● **Aim of the task**: When you reach the line containing "this 1855×1855 image.", please repeat it and every line after it exactly, through the end of the listing below, skipping pictures.

--- Material provided Enclosed Below ---

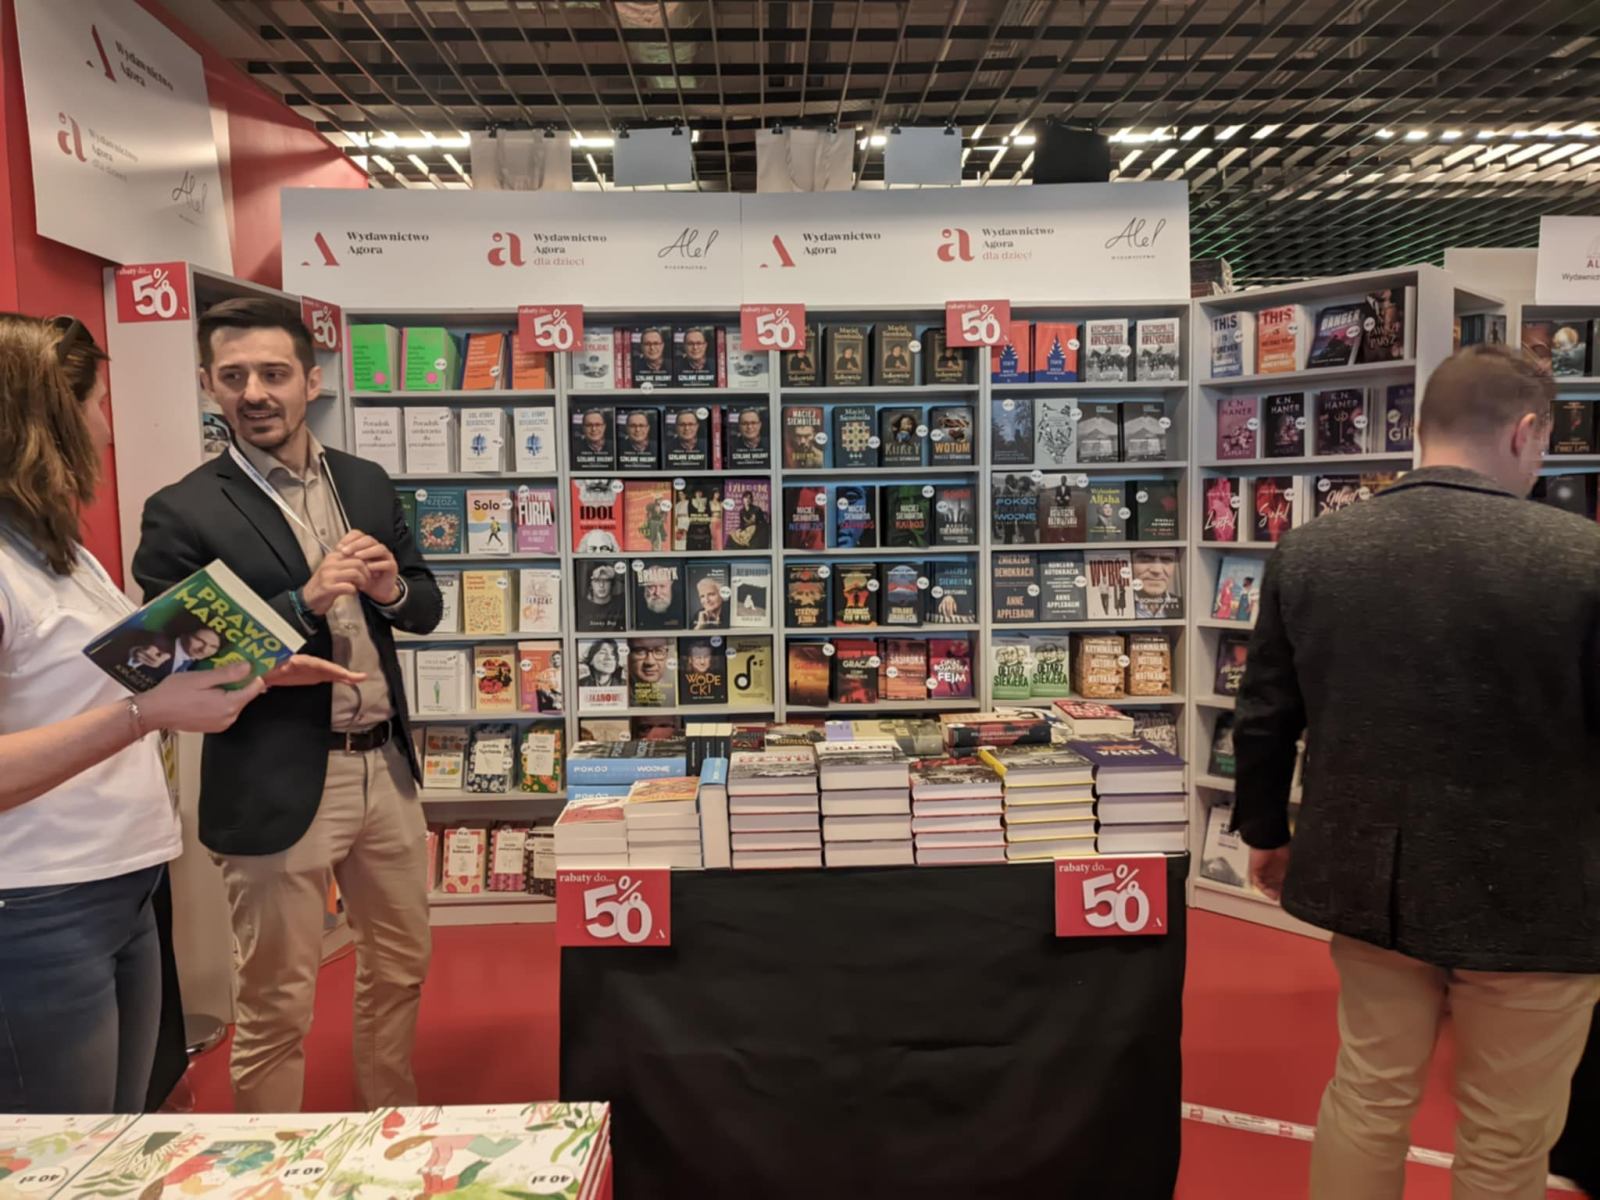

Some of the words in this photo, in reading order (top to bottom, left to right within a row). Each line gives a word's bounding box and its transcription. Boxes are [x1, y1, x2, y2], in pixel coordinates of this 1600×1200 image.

[347, 231, 429, 243] Wydawnictwo
[533, 232, 607, 243] Wydawnictwo
[802, 231, 881, 243] Wydawnictwo
[982, 226, 1055, 238] Wydawnictwo
[982, 238, 1014, 249] Agora
[347, 244, 384, 256] Agora
[533, 244, 566, 255] Agora
[802, 244, 837, 255] Agora
[982, 250, 998, 261] dla
[1001, 249, 1033, 261] dzieci
[533, 256, 552, 266] dla
[554, 256, 585, 266] dzieci
[1261, 309, 1292, 325] THIS
[1214, 315, 1237, 332] THIS
[934, 443, 970, 453] WOTUM
[474, 500, 500, 511] Solo
[518, 501, 552, 526] FURIA
[580, 505, 616, 520] IDOL
[196, 586, 282, 651] PRAWO
[175, 588, 277, 670] MARCINA
[937, 672, 967, 683] FEJM
[1059, 863, 1090, 873] rabaty
[559, 873, 591, 883] rabaty
[302, 1166, 324, 1176] 40
[38, 1173, 60, 1183] 40
[549, 1174, 571, 1184] 40
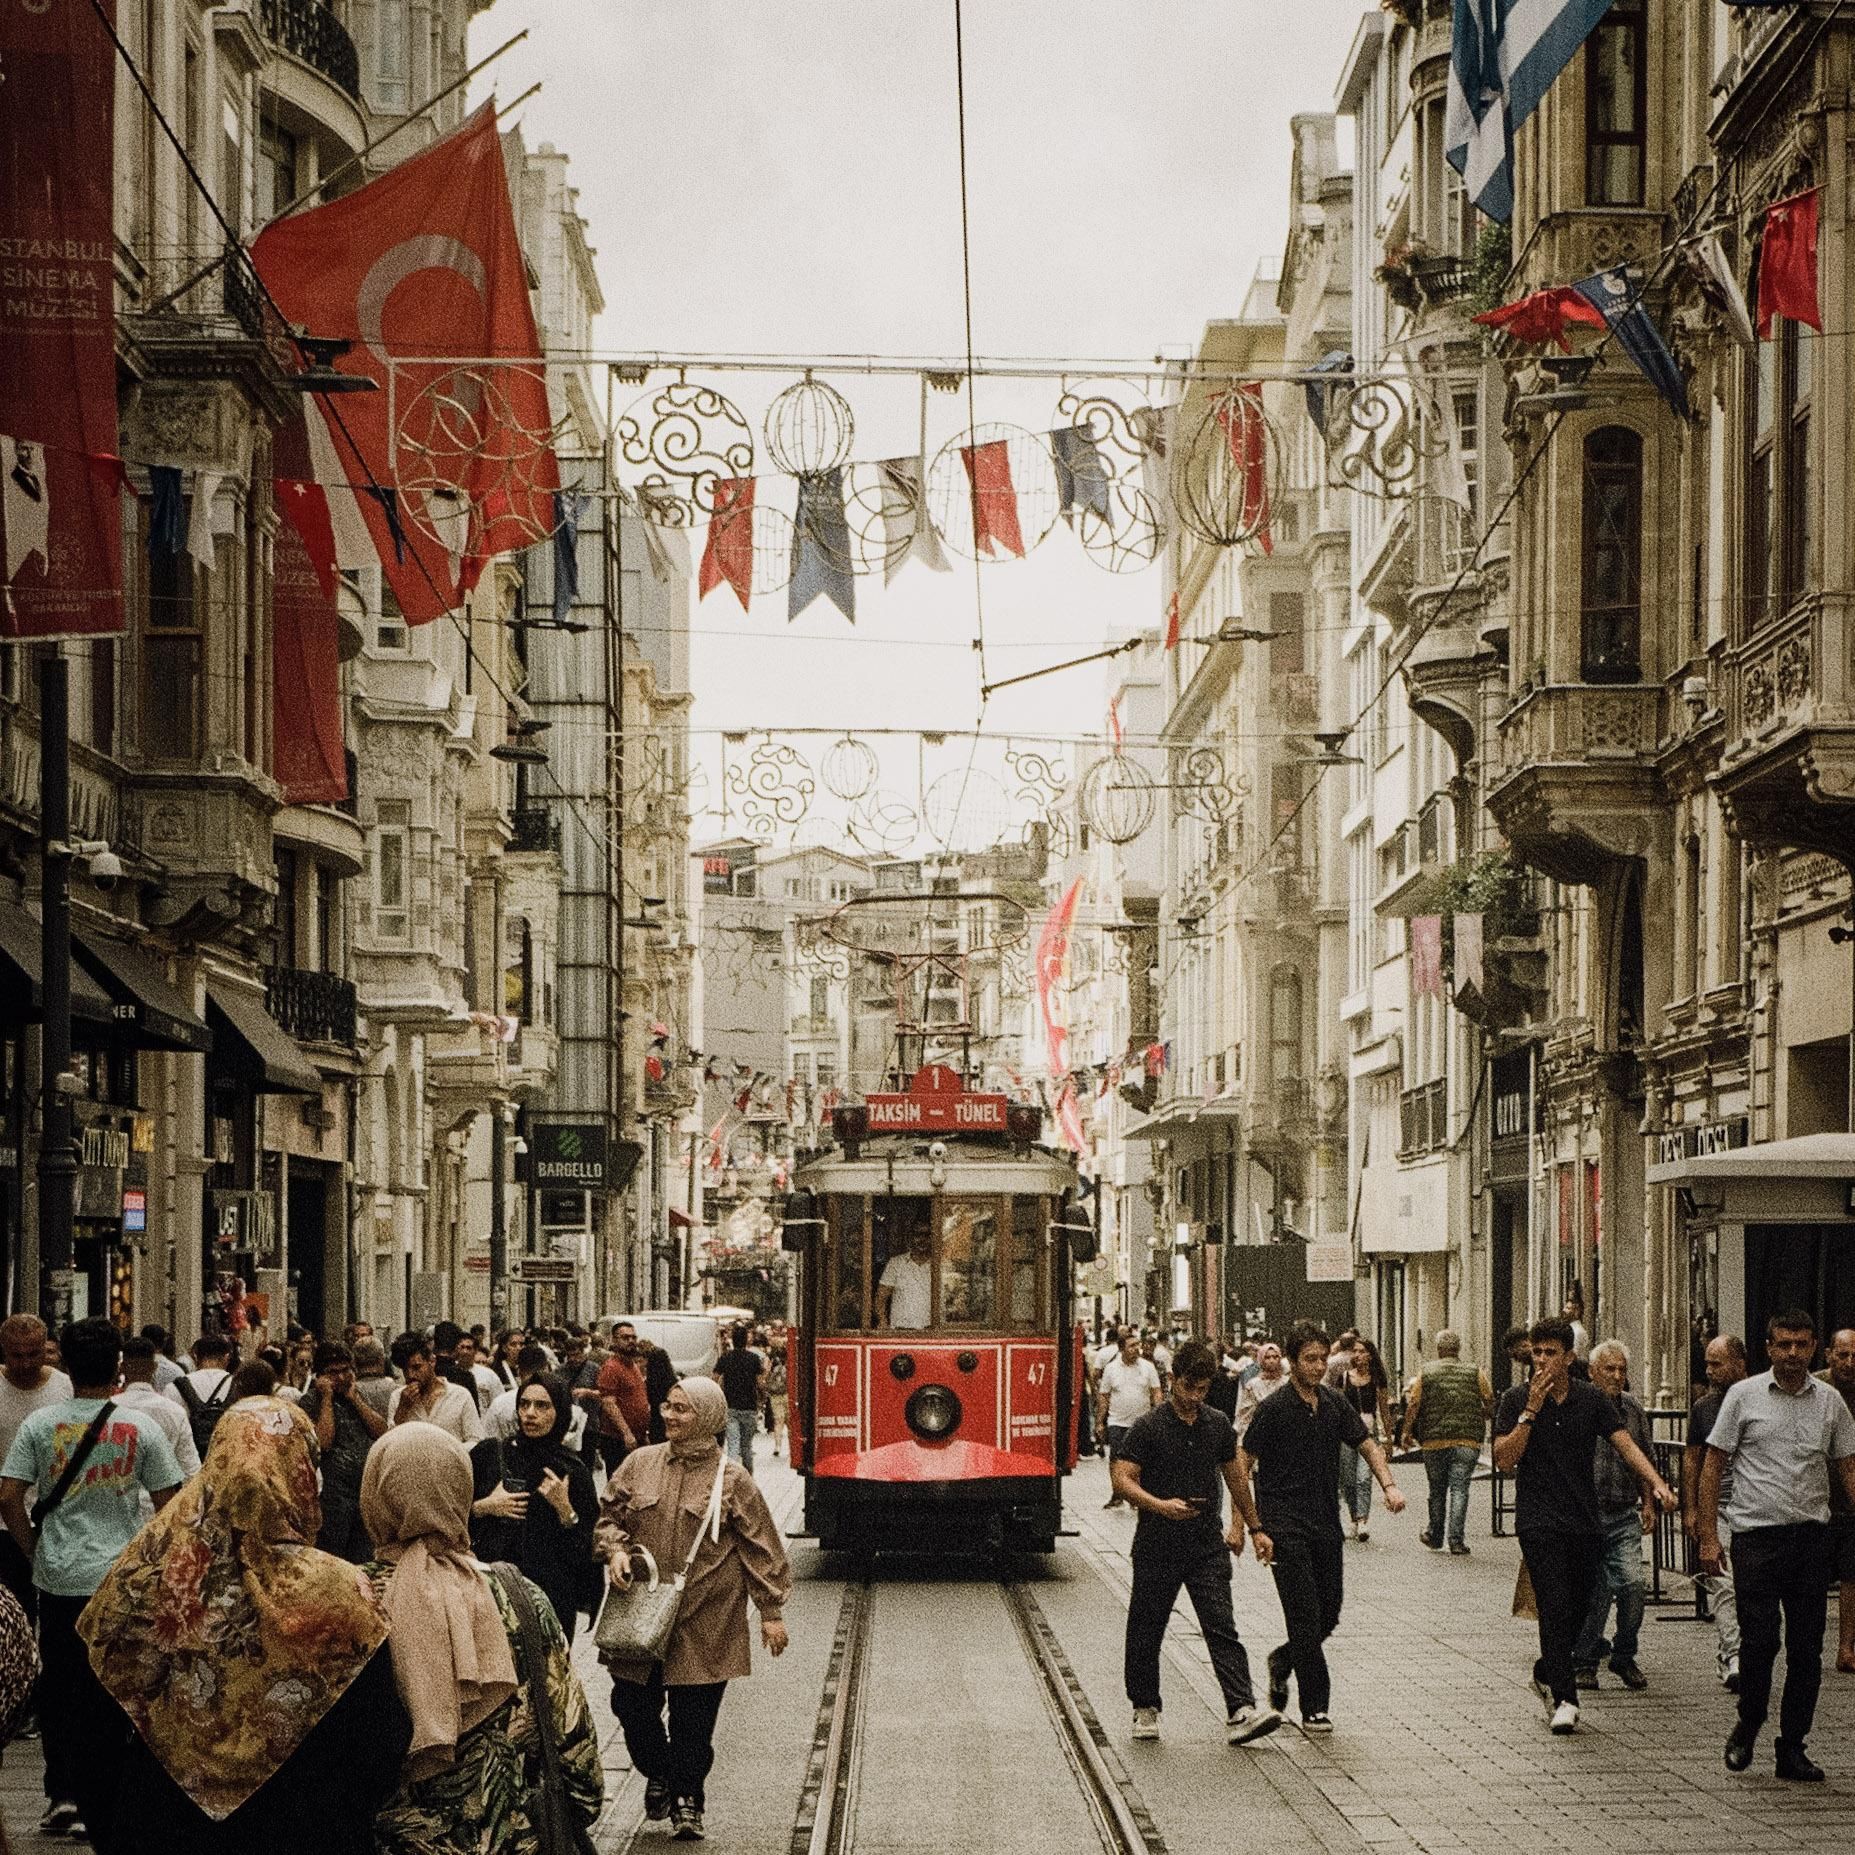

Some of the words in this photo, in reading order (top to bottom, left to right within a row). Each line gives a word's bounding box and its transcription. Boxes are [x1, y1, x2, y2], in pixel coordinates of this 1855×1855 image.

[3, 263, 101, 290] SİNEMA
[931, 1066, 941, 1090] 1
[868, 1099, 922, 1122] TAKSİM
[954, 1099, 1002, 1122] TÜNEL
[537, 1161, 603, 1178] BARGELLO
[824, 1364, 839, 1388] 47
[1027, 1362, 1046, 1386] 47
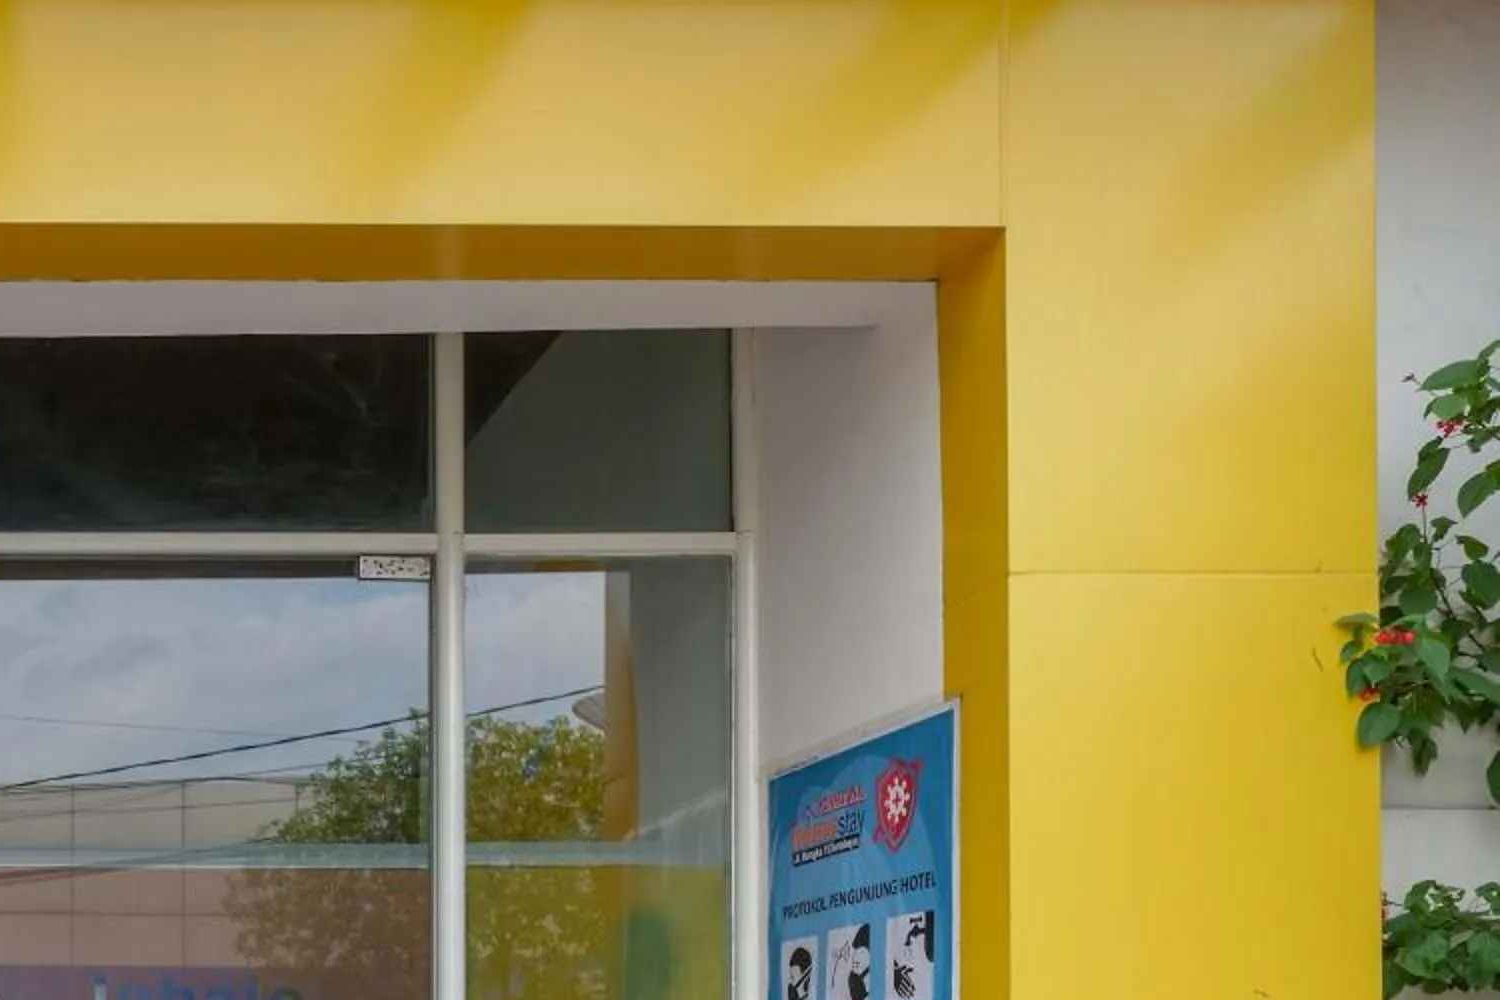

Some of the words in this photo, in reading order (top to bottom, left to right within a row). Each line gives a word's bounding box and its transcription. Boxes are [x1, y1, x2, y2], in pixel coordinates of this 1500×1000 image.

[782, 897, 827, 920] PROTOKOL
[829, 880, 898, 909] PENGUNJUNG
[900, 871, 937, 894] HOTEL

--- End of Enclosed Material provided ---

● **Response**:
Some of the words in this photo, in reading order (top to bottom, left to right within a row). Each line gives a word's bounding box and its transcription. Boxes are [x1, y1, x2, y2], in pixel coordinates of this 1855×1855 image.

[3, 263, 101, 290] SİNEMA
[931, 1066, 941, 1090] 1
[868, 1099, 922, 1122] TAKSİM
[954, 1099, 1002, 1122] TÜNEL
[537, 1161, 603, 1178] BARGELLO
[824, 1364, 839, 1388] 47
[1027, 1362, 1046, 1386] 47

Some of the words in this photo, in reading order (top to bottom, left to right within a row). Each line gives a word's bounding box and its transcription. Boxes are [x1, y1, x2, y2], in pixel coordinates of this 1500×1000 image.

[782, 897, 827, 920] PROTOKOL
[829, 880, 898, 909] PENGUNJUNG
[900, 871, 937, 894] HOTEL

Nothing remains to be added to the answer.